PMCID: PMC7245543  NIHMSID: NIHMS1574818  PMID: 32181892

Abstract

Background

Residence in an ethnic enclave may be associated with survival among Latinas with breast cancer, but findings from prior studies are inconsistent.

Methods

We conducted parallel analyses of California and Texas cancer registry data for adult (≥18 years of age) Latinas diagnosed with invasive breast cancer from 1996 to 2005, with follow-up through 2014. We used existing indices applied to tract-level 2000 US Census data to measure Latinx enclaves and neighborhood socioeconomic status (nSES). We fitted multivariable Cox Proportional Hazard models for all-cause and breast cancer specific mortality adjusted for diagnosis year, patient age, nativity (with multiple imputation), tumor stage, histology, grade, size, and clustering by census tract.

Results

Among 38,858 Latinas, the majority (61.3% in CA, 70.5% in TX) lived in enclaves. In fully adjusted models for both states, foreign-born women, compared to US-born women, were more likely to die from breast cancer and all causes. Living in enclaves and in neighborhoods with higher SES were independently associated with improved survival from both causes. When combined into a four-level variable, compared to those living in low nSES enclaves, those in low nSES non-enclaves had worse survival for both causes; and, in the all-cause but not breast-cancer specific models, those in high nSES neighborhoods, regardless of enclave status, had improved survival from all-causes.

Conclusion

Applying the same methods across two states eliminated previously published inconsistent associations between enclave residence and breast cancer survival. Future studies should identify specific protective effects of enclave residence to inform interventions.

Keywords: Latino, ethnic enclave, nativity, neighborhood socioeconomic status, breast cancer survival

Precis:

Among Latinas with breast cancer living in California and Texas, foreign birthplace (vs. US birthplace) was associated with worse survival. Latinas living in more ethnically distinct neighborhoods and in higher SES neighborhoods had improved survival.

INTRODUCTION

Among US Latinas, breast cancer is the most commonly diagnosed cancer and is the leading cause of cancer death.1,2 Once diagnosed with breast cancer, most studies, but not all, demonstrate that Latinas do not survive as long as non-Latina white women.36 While there is growing recognition that neighborhoods play some role on outcomes across the cancer continuum, the extent to which features of a residential neighborhood may influence survival among Latinas with breast cancer is unclear.
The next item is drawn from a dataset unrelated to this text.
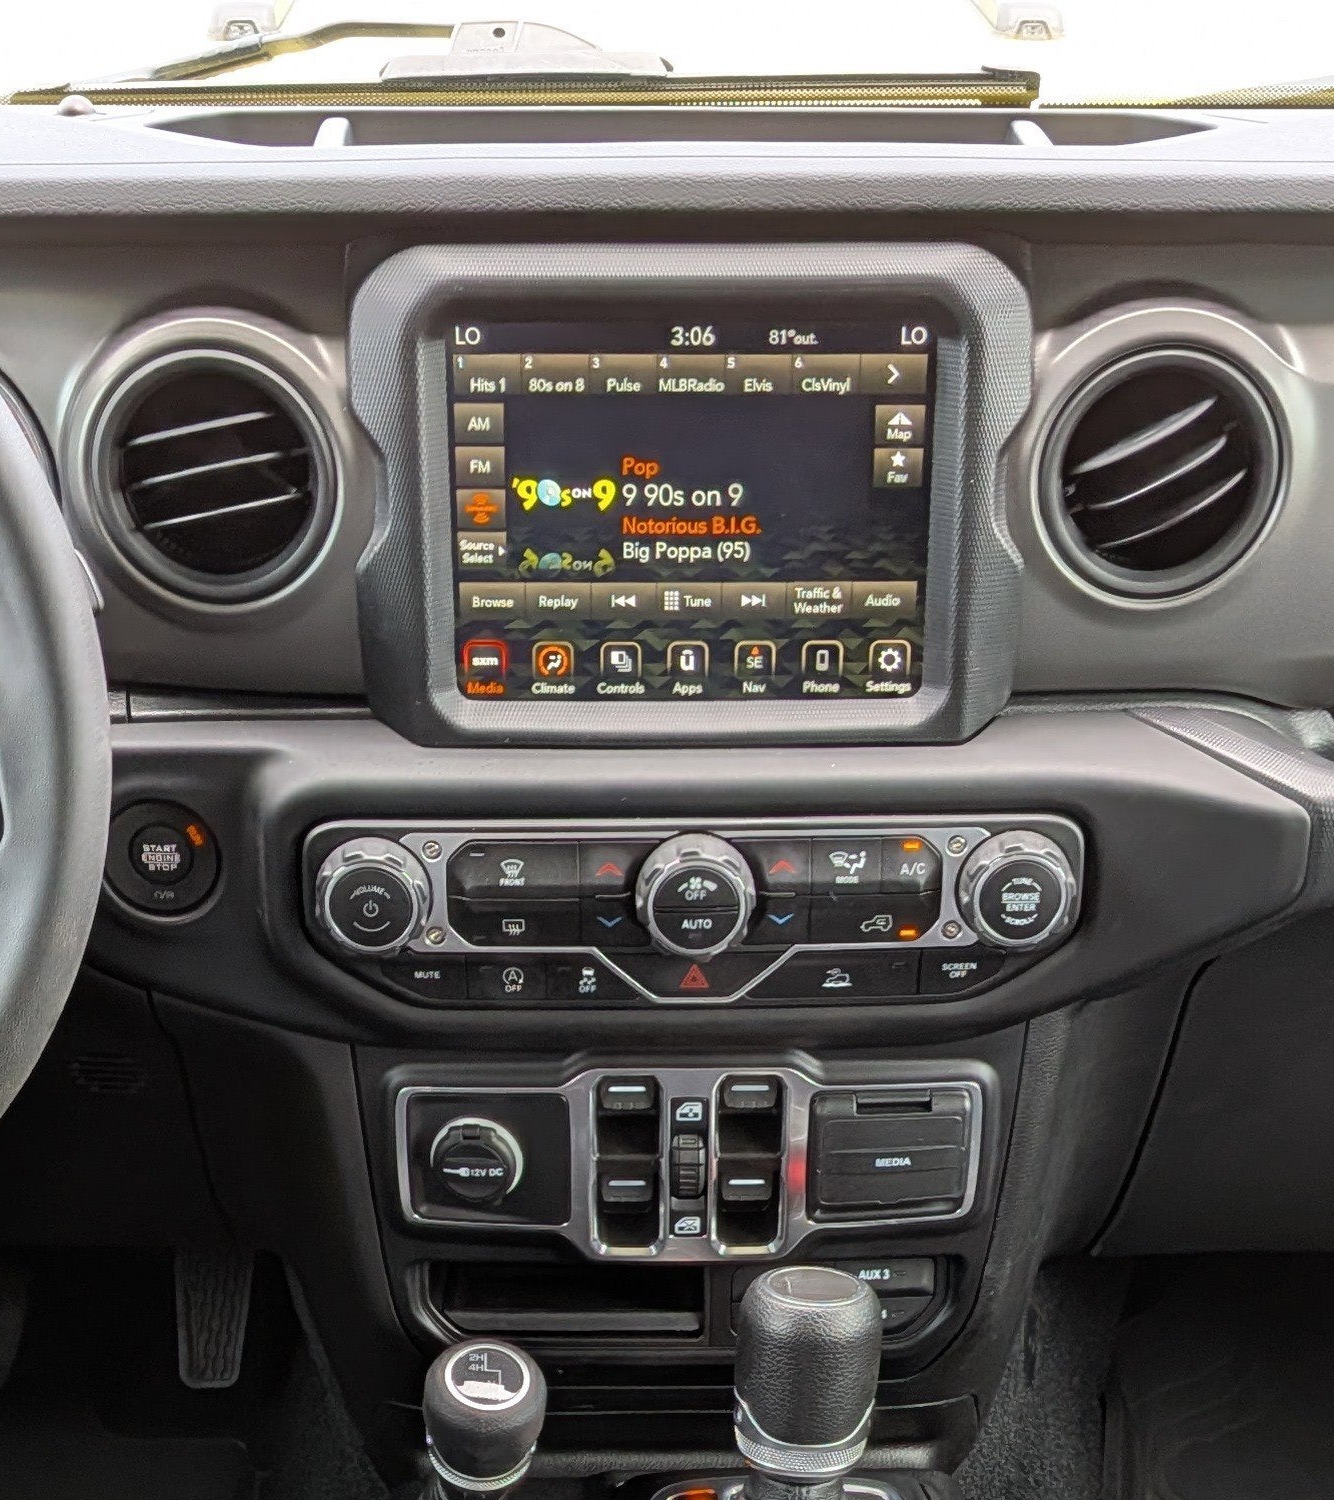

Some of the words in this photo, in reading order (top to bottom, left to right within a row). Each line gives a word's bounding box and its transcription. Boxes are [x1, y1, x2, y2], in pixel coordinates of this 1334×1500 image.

Many Latinxs live in ethnic enclaves – culturally distinct neighborhoods with high concentrations of individuals of the same ethnic origin, high linguistic isolation, a large share of recent immigrants, and ethnic specific businesses and resources. Ethnic enclaves are hypothesized to contribute to outcomes across the cancer continuum through multiple pathways, some positively and some negatively.7,8 Co-ethnic residents within an enclave often maintain cultural norms and behaviors (e.g., diet and physical activity, social support) that may be health-promoting. Enclaves may facilitate communication and information sharing due to greater access to linguistic resources; they may also reduce exposure to discrimination and thus limit use of unhealthy coping behaviors (e.g., smoking, drinking) and reduce stress.913

In contrast, some features of enclaves could contribute to worse health. For example, neighborhoods with large Latinx and/or foreign-born populations face disproportionately higher poverty.1416 Residence in neighborhoods with low socioeconomic status (nSES) is associated with worse survival among cancer patients.17,18 Low nSES may influence unhealthy behaviors and worse health through pathways associated with adverse social, built, and physical environments. For example, low nSES neighborhoods may have high crime and poor safety, greater social isolation, and low walkability resulting from high traffic density and poor street conditions, poor food environments with high concentrations of fast food restaurants, tobacco outlets or liquor stores, and greater proximity to environmental pollutants. Thus, to elucidate the association of ethnic enclave residence and cancer survival, nSES must be considered.19,20

Prior studies on the association of enclave residence and cancer survival demonstrated mixed results, underscored in a recent literature review on ethnic density and cancer outcomes.21 Five of the reviewed studies examined associations of Latinx ethnic density with survival of Latinas with breast cancer. Associations varied, with 2 null studies and others documenting both increased (n=1 study) and decreased (n=2 studies) survival among Latinas residing within ethnic enclaves compared to Latinas in non-enclave areas.19,2225 These studies applied varying measures of neighborhood ethnic density or ethnic enclave residence and different analytic strategies, including adjustments for patient nativity and nSES. Because all 5 studies were limited to single states or metropolitan areas, it is unclear whether observed inconsistencies are a result of different analytic methods or true regional differences in enclave effects.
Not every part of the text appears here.